"China puede imprimir dinero y mantener los tipos altos porque hay un agujero negro, escasez de dinero”


Fidelity Worldwide Investment está empezando a cambiar su actitud con respecto a la segunda mayor economía del mundo. En las últimas semanas el experto Tom Stevenson manifestaba su preocupación por la evolución del mercado inmobiliario del país, mientras que la analista Rebecca Jiang declaraba que los bancos chinos “no son aptos para la inversión a largo plazo, al menos de momento”.

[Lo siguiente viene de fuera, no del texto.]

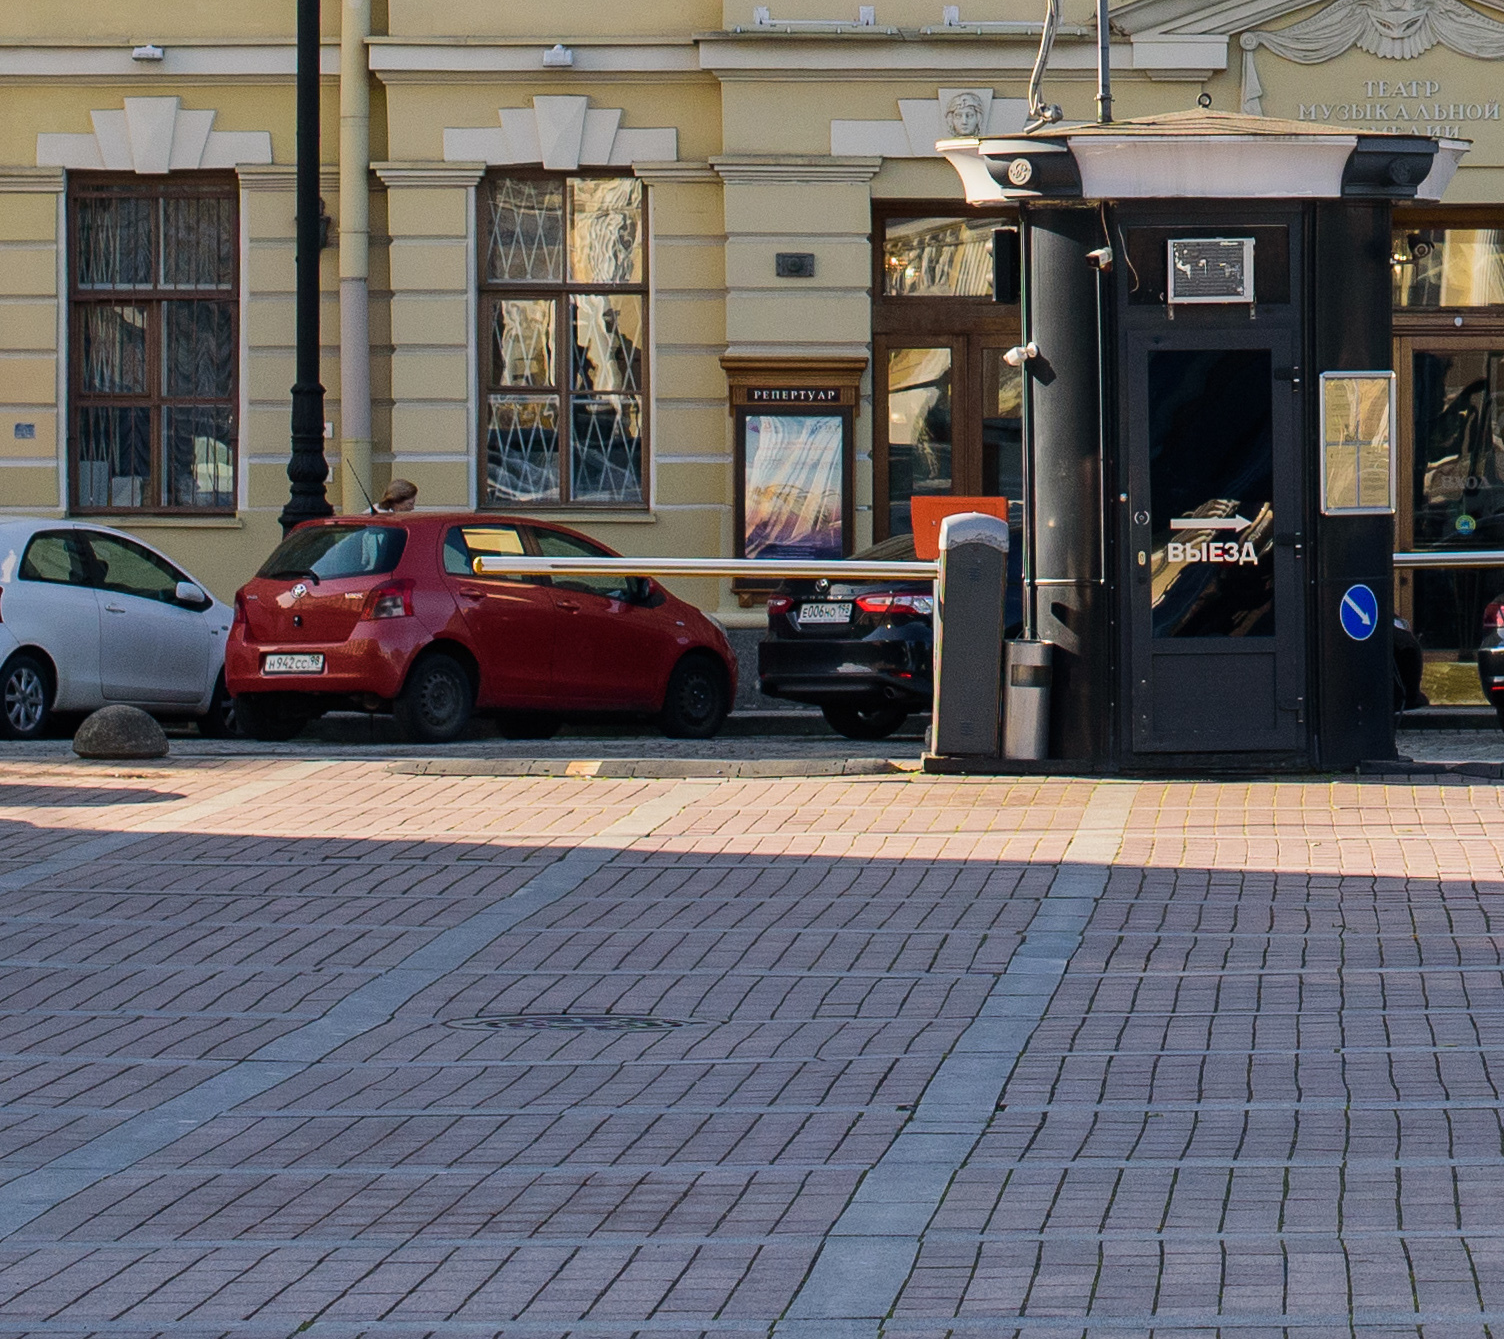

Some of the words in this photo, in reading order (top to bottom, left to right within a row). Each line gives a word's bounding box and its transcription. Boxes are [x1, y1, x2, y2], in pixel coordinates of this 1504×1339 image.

[1363, 80, 1439, 98] ТЕАТР
[1297, 100, 1501, 121] МУЗЫКАЛЬНОЙ
[753, 390, 835, 401] РЕПЕРТУАР
[1167, 542, 1259, 566] ВЫЕЗД

El último en refutar esta opinión ha sido Raymond Ma, gestor del FF China Consumer (aprobada por la Comisión Clasificadora de Riesgo (CCR) de Chile desde el año pasado). De visita en España, Ma ha dado las principales claves sobre la visión actual de la gestora americana sobre el país y dónde están encontrando las mejores oportunidades para el fondo que gestiona. El gestor se expresa claramente, yendo directo a los problemas que cree que están dificultando la evolución de la economía china: “Los mercados asiáticos están en niveles muy elevados. El año pasado el mercado chino estuvo sin rumbo por la falta de liquidez: existe la necesidad de aplicarle inyecciones de liquidez para evitar una crisis financiera. Esto se ha vuelto evidente desde diciembre de 2013”, denuncia. Asimismo, Ma declara que el PIB chino actual se está moviendo en unos niveles que califica como “incómodos”, e indica que “cada vez está más pendiente de la impresión de dinero, ha perdido eficiencia”.

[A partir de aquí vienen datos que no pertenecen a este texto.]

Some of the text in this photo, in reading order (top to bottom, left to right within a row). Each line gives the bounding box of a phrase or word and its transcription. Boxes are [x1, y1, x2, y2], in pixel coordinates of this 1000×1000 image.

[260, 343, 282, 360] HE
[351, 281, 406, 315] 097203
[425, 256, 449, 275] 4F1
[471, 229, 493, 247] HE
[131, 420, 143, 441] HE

Esto lleva al experto a hacer la siguiente observación: Estados Unidos, la eurozona y Japón mantienen unos tipos de interés extraordinariamente bajos y de una forma u otra han tenido que inyectar dinero a sus respectivas economías. China también tiene la posibilidad de hacerlo, pero los tipos se sitúan entre el 6% y el 7%. “La gran diferencia respecto al mundo occidental es que China puede imprimir dinero y mantener los tipos altos porque hay un agujero negro, escasez de dinero”, afirma con rotundidad.

Para el gestor de Fidelity Worldwide Investment, parte de esta escasez debe atribuirse a la banca en la sombra o shadow banking; de hecho, afirma que el 20% de todos los préstamos bancarios realizados en China se encuentran en este sistema financiero paralelo. “Los bancos no están generando cash flow, la liquidez seguirá ausente los próximos 3 ó 4 años”, insiste el gestor.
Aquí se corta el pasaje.